**Required work**
The entries shown here must be retyped in full, with no pictures included.

═════ Input data

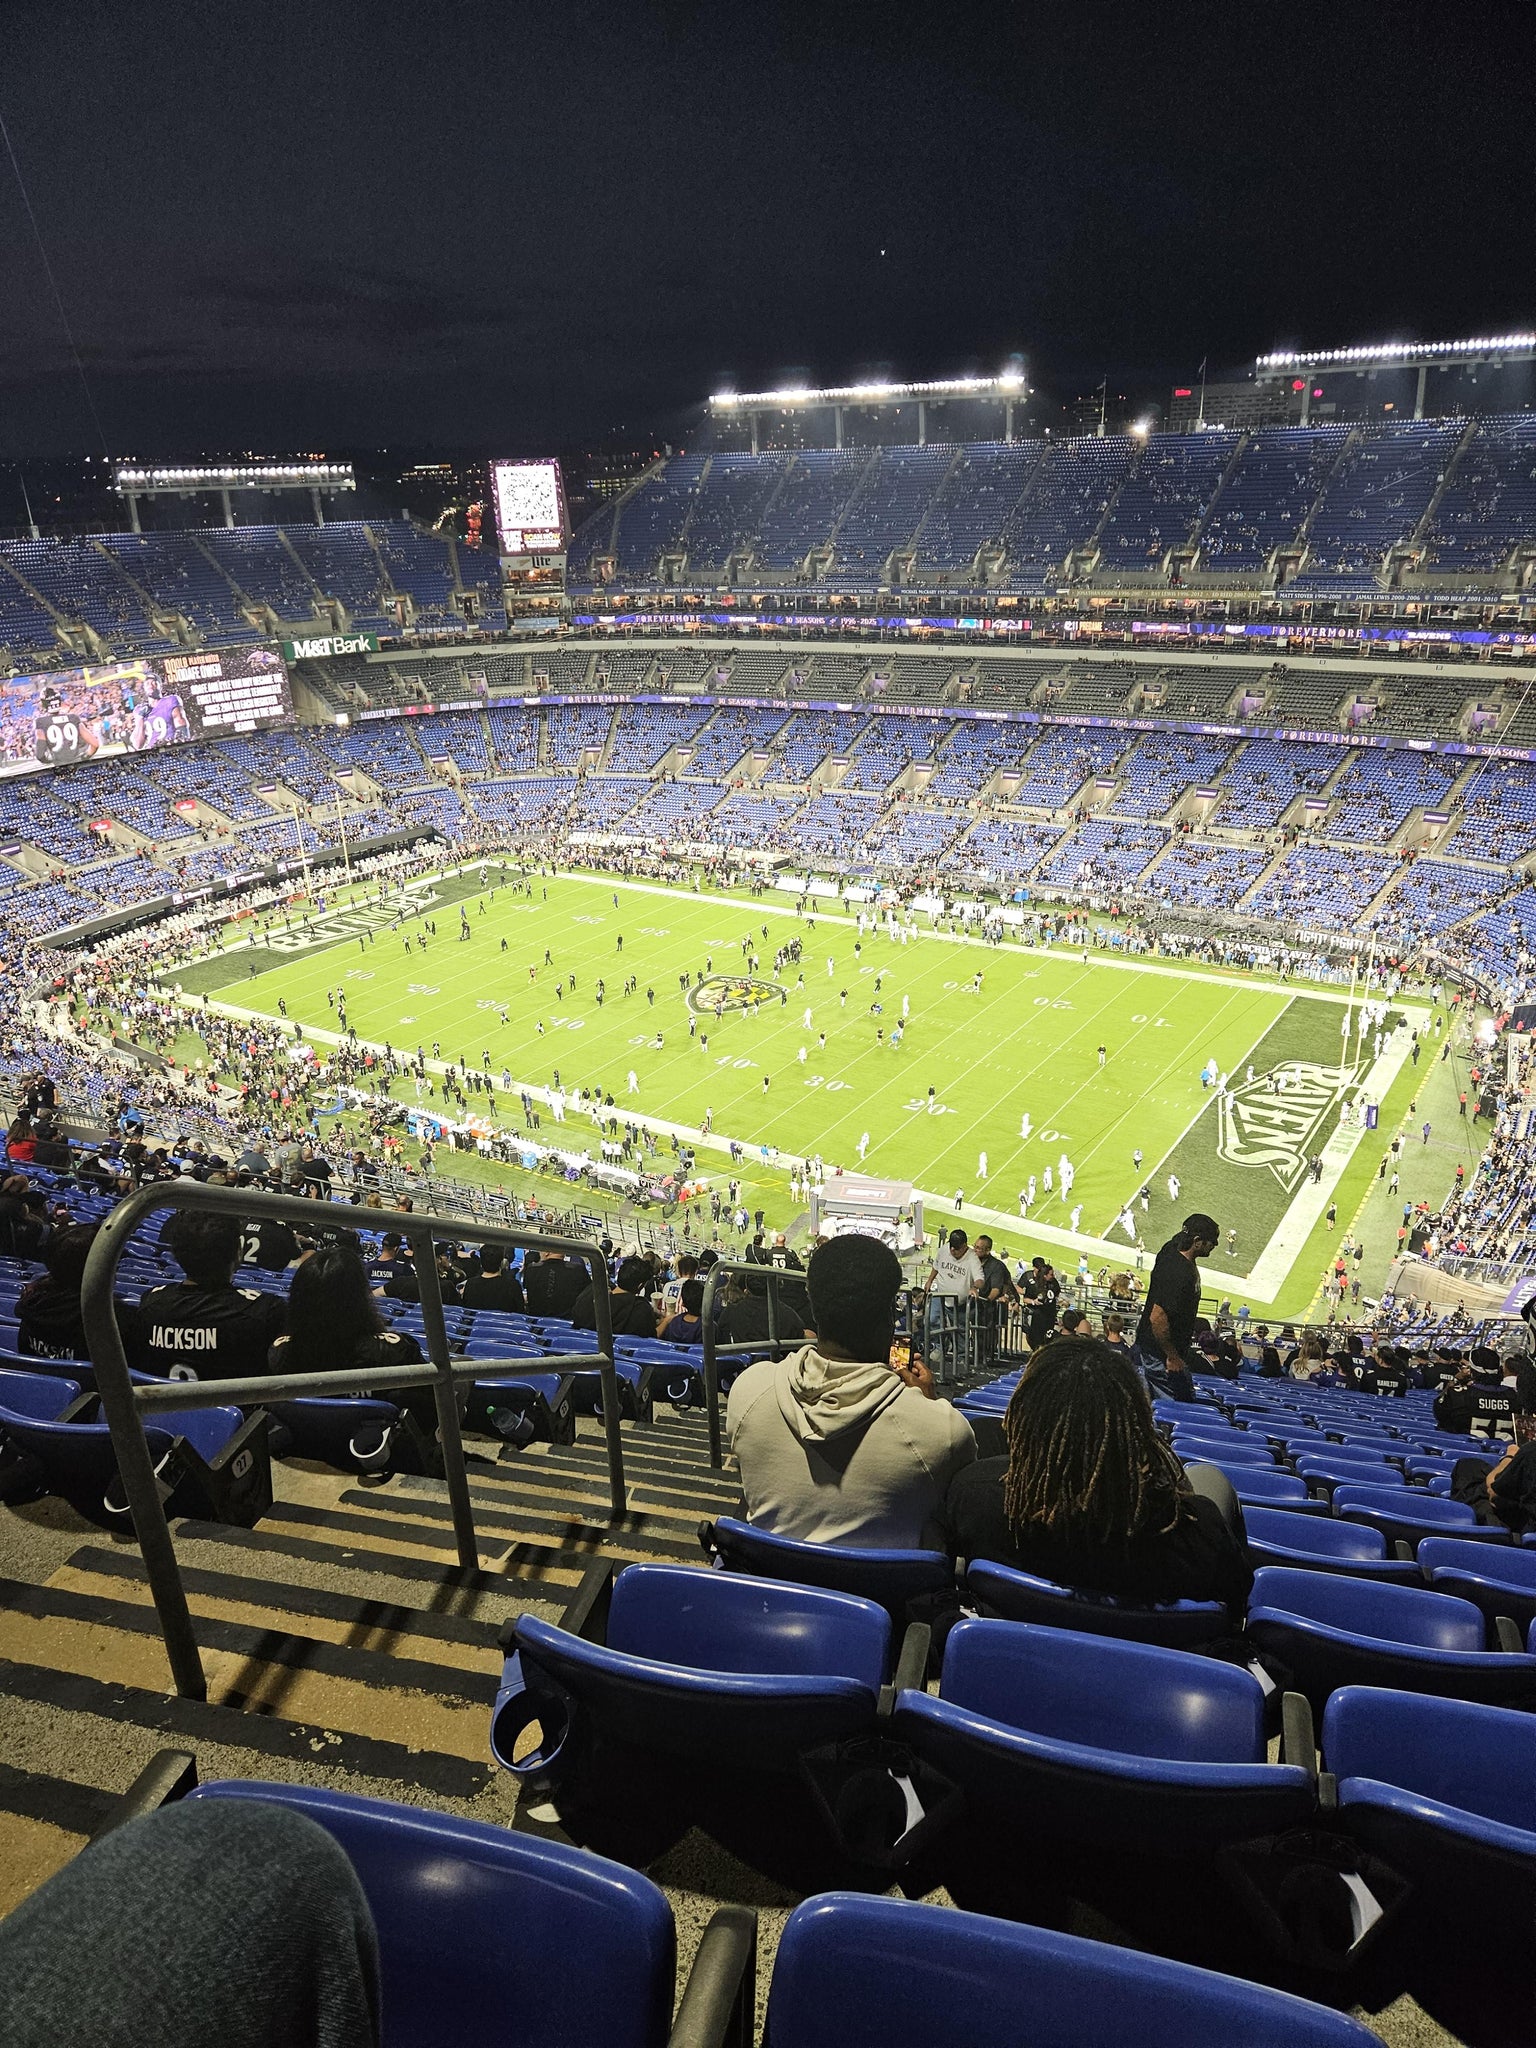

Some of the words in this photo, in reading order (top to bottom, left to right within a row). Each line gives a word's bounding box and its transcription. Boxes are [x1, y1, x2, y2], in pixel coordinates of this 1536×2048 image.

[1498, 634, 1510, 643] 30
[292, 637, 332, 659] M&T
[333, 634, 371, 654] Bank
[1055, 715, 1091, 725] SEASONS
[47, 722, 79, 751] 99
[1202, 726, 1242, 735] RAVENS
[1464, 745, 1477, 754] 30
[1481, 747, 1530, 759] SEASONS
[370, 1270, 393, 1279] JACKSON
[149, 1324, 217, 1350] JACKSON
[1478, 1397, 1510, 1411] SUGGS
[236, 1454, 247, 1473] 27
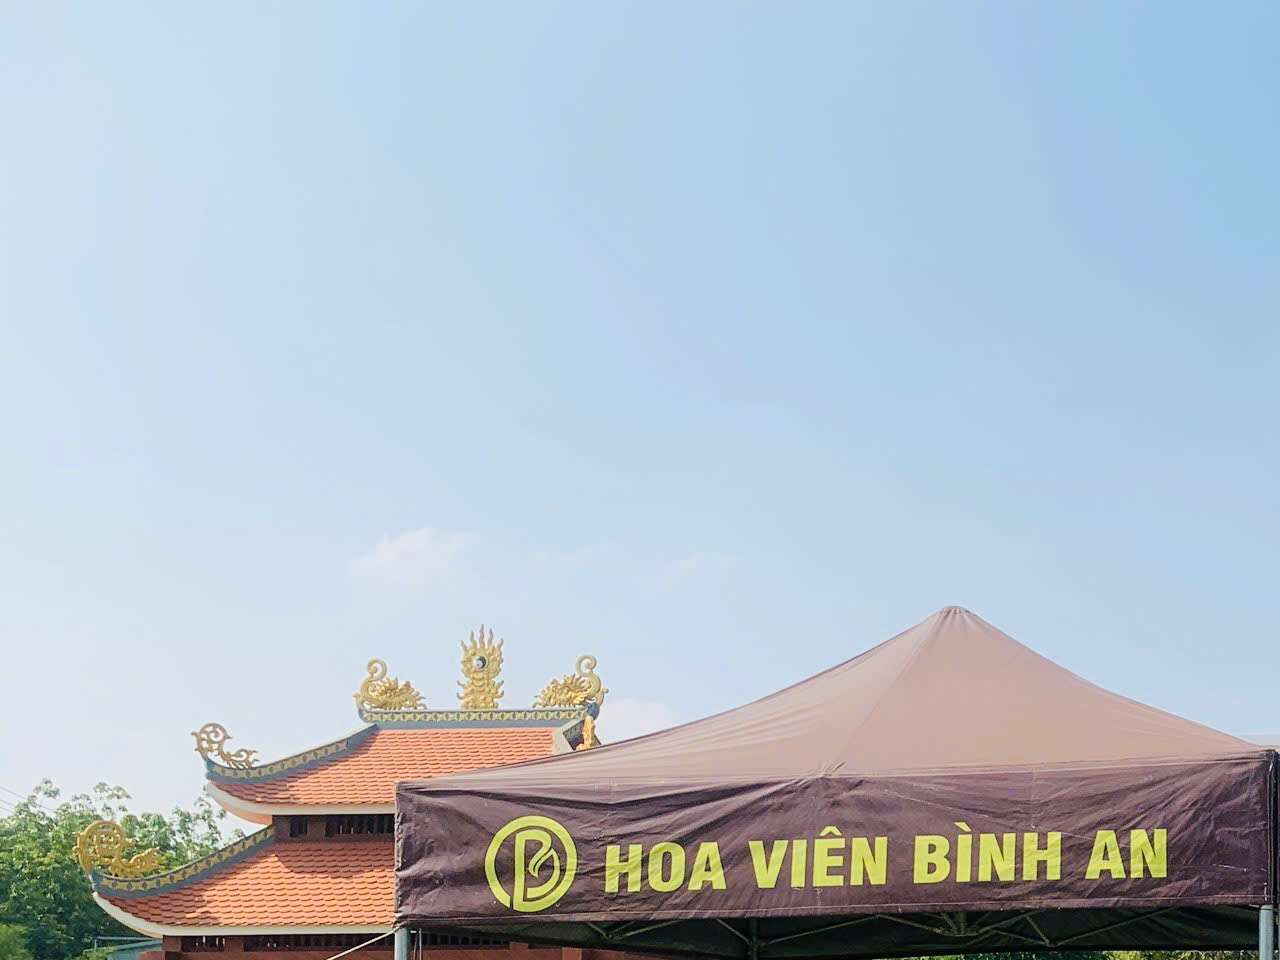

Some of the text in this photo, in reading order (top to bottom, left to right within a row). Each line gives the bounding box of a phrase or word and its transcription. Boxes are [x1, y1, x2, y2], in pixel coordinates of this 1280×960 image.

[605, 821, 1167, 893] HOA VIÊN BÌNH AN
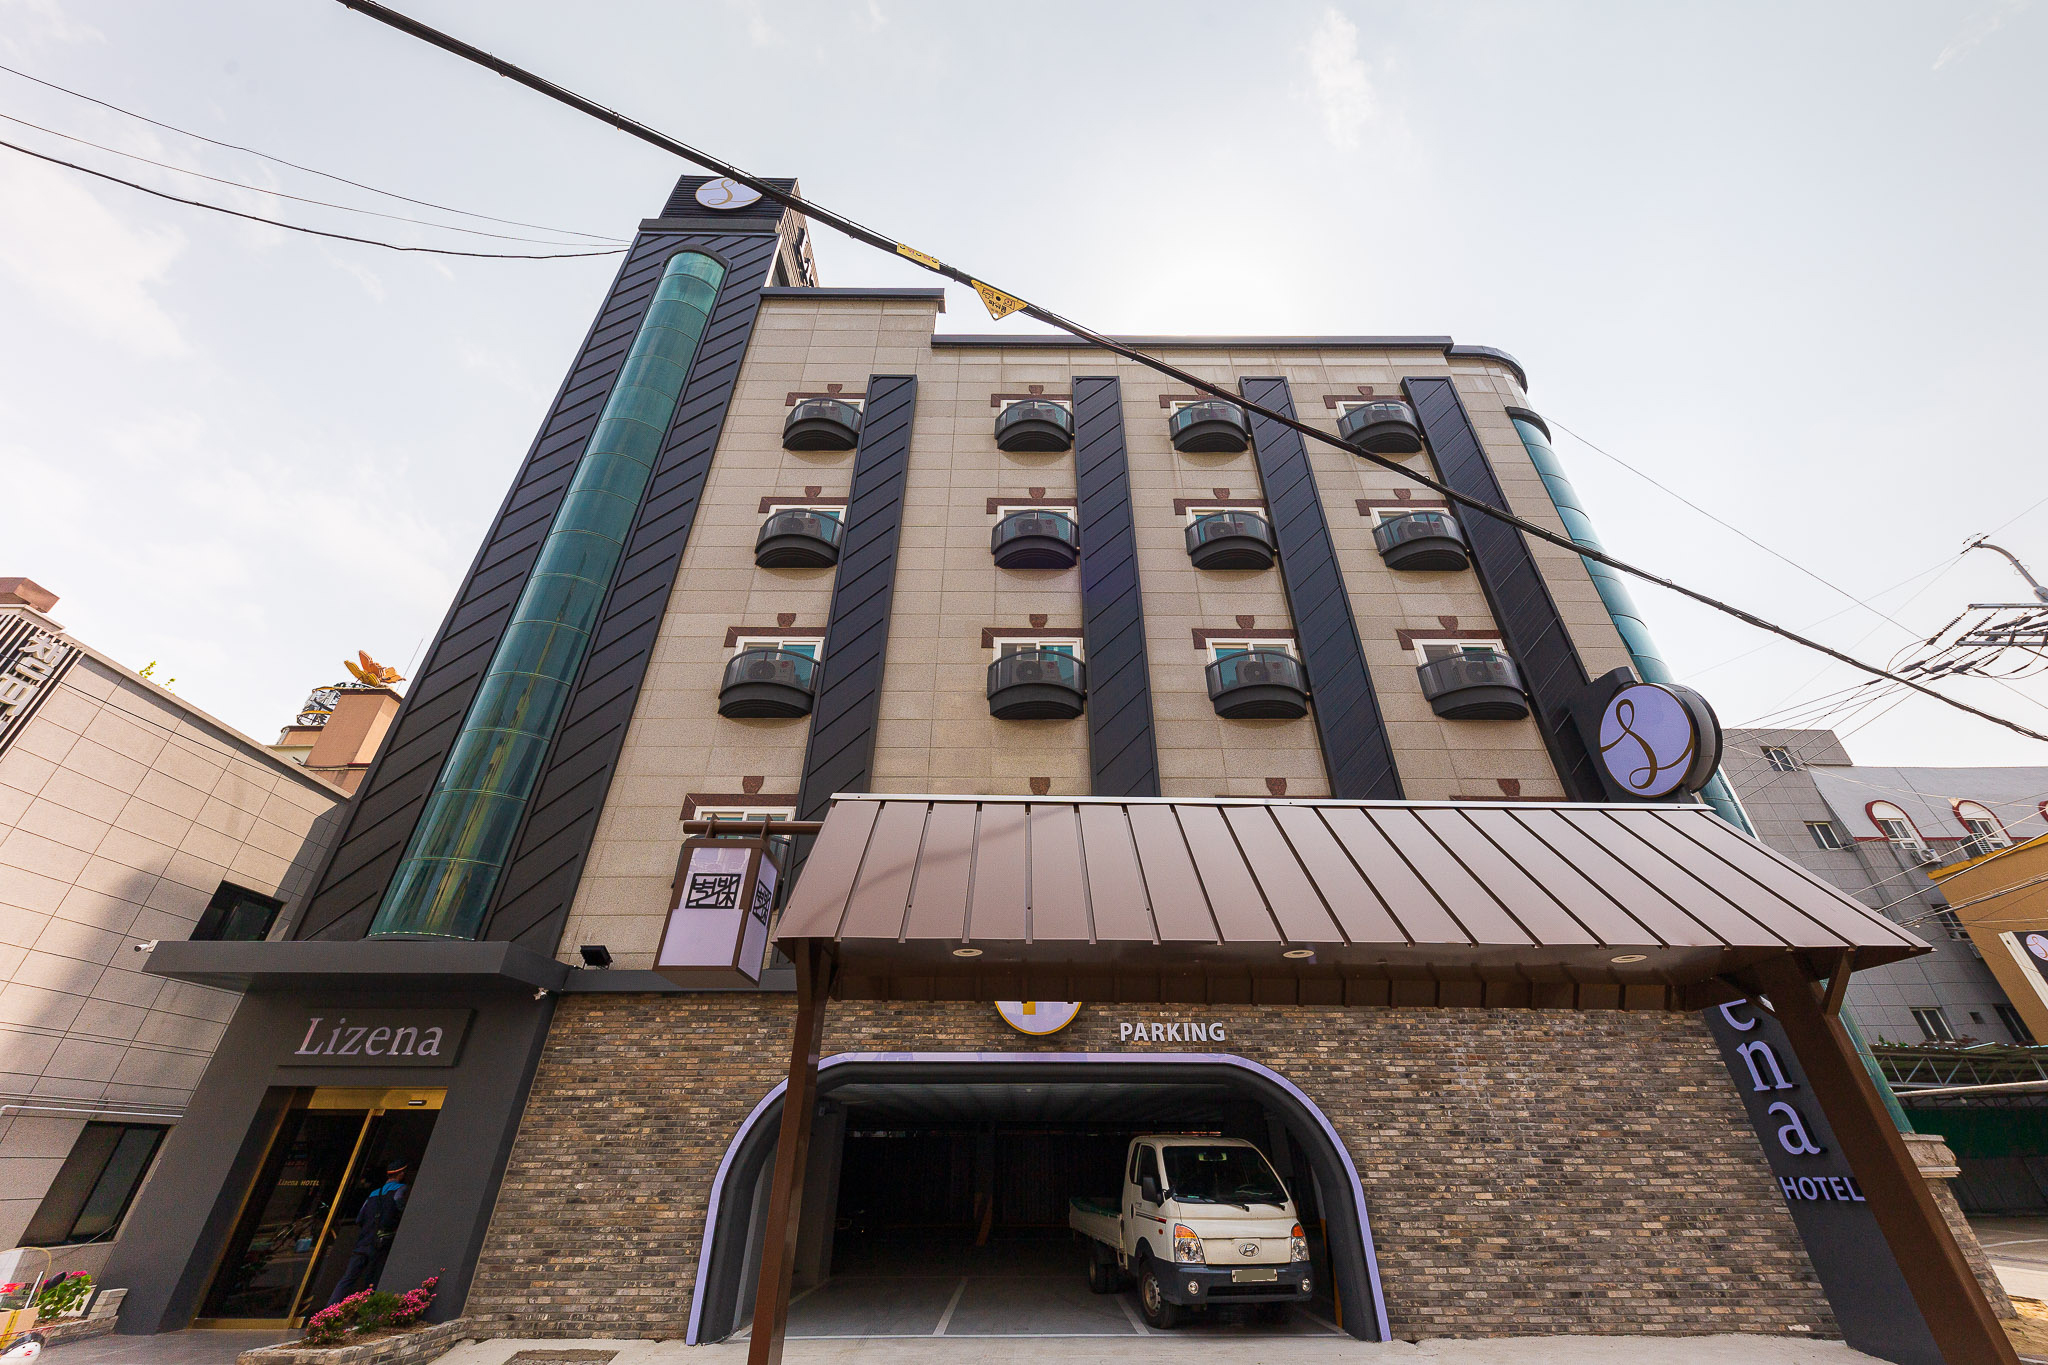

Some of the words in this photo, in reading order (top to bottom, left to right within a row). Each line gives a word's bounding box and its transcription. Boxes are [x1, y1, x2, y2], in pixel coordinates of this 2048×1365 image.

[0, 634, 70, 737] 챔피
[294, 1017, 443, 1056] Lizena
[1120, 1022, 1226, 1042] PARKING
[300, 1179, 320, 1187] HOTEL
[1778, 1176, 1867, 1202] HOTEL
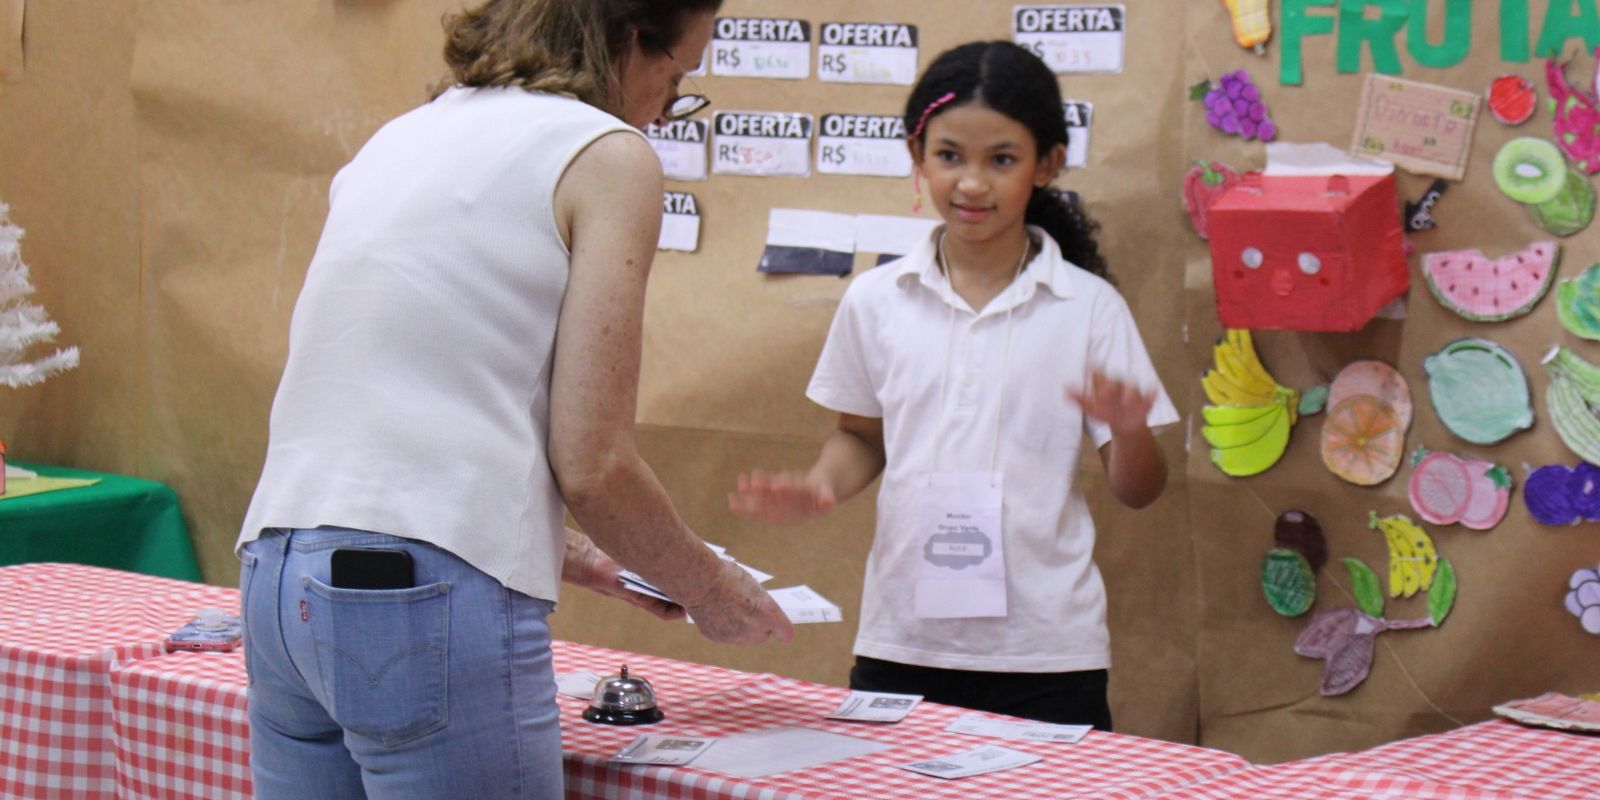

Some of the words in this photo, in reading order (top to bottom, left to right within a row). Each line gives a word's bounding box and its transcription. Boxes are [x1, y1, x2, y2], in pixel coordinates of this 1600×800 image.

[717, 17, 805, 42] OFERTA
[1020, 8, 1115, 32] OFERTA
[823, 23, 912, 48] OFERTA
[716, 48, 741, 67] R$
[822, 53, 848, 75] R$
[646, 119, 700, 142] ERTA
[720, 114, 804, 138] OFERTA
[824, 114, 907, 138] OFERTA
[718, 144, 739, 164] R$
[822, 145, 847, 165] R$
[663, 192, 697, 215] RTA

══════════

**Result of the task**
Some of the words in this photo, in reading order (top to bottom, left to right within a row). Each line gives a word's bounding box and its transcription. Boxes are [x1, y1, x2, y2], in pixel coordinates of this 1536×2048 image.

[1498, 634, 1510, 643] 30
[292, 637, 332, 659] M&T
[333, 634, 371, 654] Bank
[1055, 715, 1091, 725] SEASONS
[47, 722, 79, 751] 99
[1202, 726, 1242, 735] RAVENS
[1464, 745, 1477, 754] 30
[1481, 747, 1530, 759] SEASONS
[370, 1270, 393, 1279] JACKSON
[149, 1324, 217, 1350] JACKSON
[1478, 1397, 1510, 1411] SUGGS
[236, 1454, 247, 1473] 27

Some of the text in this photo, in reading order (top to bottom, left to right within a row). Each line gives the bounding box of a phrase or word and its transcription. Boxes are [x1, y1, x2, y2], in pixel coordinates of this 1280×960 image.

[605, 821, 1167, 893] HOA VIÊN BÌNH AN

Some of the words in this photo, in reading order (top to bottom, left to right within a row). Each line gives a word's bounding box and its transcription. Boxes are [x1, y1, x2, y2], in pixel coordinates of this 2048×1365 image.

[0, 634, 70, 737] 챔피
[294, 1017, 443, 1056] Lizena
[1120, 1022, 1226, 1042] PARKING
[300, 1179, 320, 1187] HOTEL
[1778, 1176, 1867, 1202] HOTEL

Some of the words in this photo, in reading order (top to bottom, left to right within a row). Each line gives a word's bounding box and its transcription. Boxes are [x1, y1, x2, y2], in pixel coordinates of this 1600×800 image.

[717, 17, 805, 42] OFERTA
[1020, 8, 1115, 32] OFERTA
[823, 23, 912, 48] OFERTA
[716, 48, 741, 67] R$
[822, 53, 848, 75] R$
[646, 119, 700, 142] ERTA
[720, 114, 804, 138] OFERTA
[824, 114, 907, 138] OFERTA
[718, 144, 739, 164] R$
[822, 145, 847, 165] R$
[663, 192, 697, 215] RTA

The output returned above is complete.